Ya Allah, Mas Faisal. Kuseka airmata kesedihan dan kebahagiaan saat itu. “Hibban, di mana Bunda Arina? Umi ingin bertemu dengannya,” sambil menuntunku Hibban menjawab dengan nada yang ringan,

“Bunda sudah pulang dengan suami barunya sampai Abi meninggal beliau sudah tidak bersama kami.” Sesak sesal menendang ulu hatiku. Tapi, denyut kepasrahan menyeruak batinku. Mas, kau berpulang saat genap 20 tahun pernikahan kita. Terima kasih kau kembalikan Hibban untukku.

Serasa kau ada di sini, kurasakan wangi nafasmu, kurasakan hangat sentuhanmu. Aku menunggu hari dalam taat dan takutku pada-Nya, Untuk menjumpaimu. Allah penulis skenario terbaik. Aku tak bisa mendampingimu di dunia-Nya, semoga di akhirat-Nya. Karena aku cinta padamu Mas, selamanya.

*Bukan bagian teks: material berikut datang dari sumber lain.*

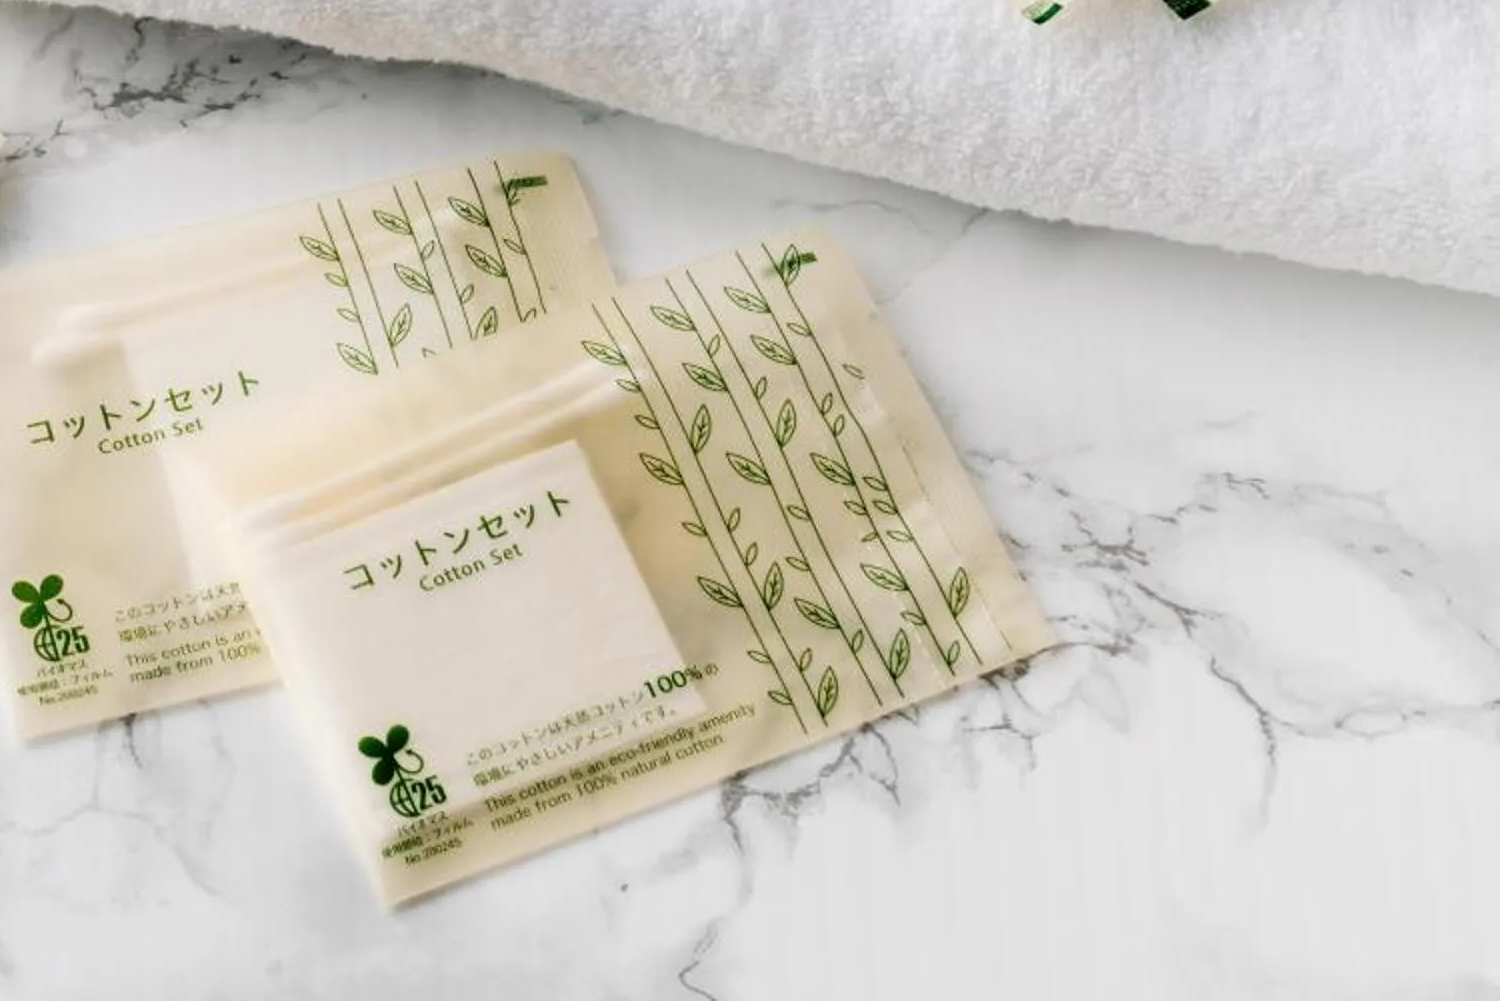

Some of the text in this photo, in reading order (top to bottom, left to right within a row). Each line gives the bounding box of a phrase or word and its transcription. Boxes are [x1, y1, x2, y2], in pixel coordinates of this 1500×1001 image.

Cerpen Suzi (Republika, 22 April 2018)
Bu Suzi, begitu ibu dari empat putra-putri ini disapa. Ibu yang memiliki nama lengkap Susilowati ini lahir di Banten, 6 Oktober 1973. Tak sengaja menjadi guru, begitu ungkapnya. Mengawali karir sebagai penyiar radio swasta di Bogor dan public relations di salah satu lembaga penyiaran swasta pada tahun 1993-1998. Karir gurunya dirintis pada tahun 1999, merasa tidak memiliki ilmu keguruan Bu Suzi menimba ilmu pendidikan Islam di STIAI Gunung Puyuh Sukabumi. Lalu mendirikan sekolah Taman Kanak-Kanak Islam Terpadu TKIT Rohmatul Ummah kini TAAM Rohmatul Ummah. Tahun 2008-2012 Bu Suzi menimba ilmu kependidikan di Universitas Terbuka. Belajar sepanjang hayat itu adalah moto hidupnya. Di mana pun dan dengan siapa pun selalu ada ilmu yang didapatkannya. Selain aktif di berbagai komunitas pemberdayaan perempuan, ibu dengan empat anak ini pernah menjadi Dosen di STAI Al Hidayah Bogor dan kini Bu Suzi merupakan salah satu staf pengajar di PONDOK PESANTREN AL-MINHAJ SHAHABAH.

Pengalaman menulis buku Bu Suzi peroleh pada 2008 dengan menulis buku Aritmatika Sempoa untuk Sekolah Dasar Kelas 1-6 yang diterbitkan oleh Insantama Pers. Pengalaman menulis artikel diperoleh Bu Suzi bersama Komunitas Guru Menulis dan Membaca (KAGUM LITERAT) dalam buku Asa Terurai Karya Tertuai dan Dari Pinggiran Menjadi Pusaran yang diterbitkan oleh KAGUM PUBLISHER, genre penulisan Bu Suzi tidak hanya di sekitar nonfiksi, Masih Ada Matahari Terbit yang diterbitkan oleh D3 MQail adalah antologi puisi pertamanya bersama 45 Wanita Penulis Puisi Indonesia, dan rasa cintanya untuk Bogor Bu Suzi dedikasikan melalui antologi Senandung Rindu Bogorku, Bogormu, Bogor Kita, bersama Komunitas Pegiat Literasi Bogor. Selain menulis Buku, Bu Suzi menulis juga di web gurusiana.id.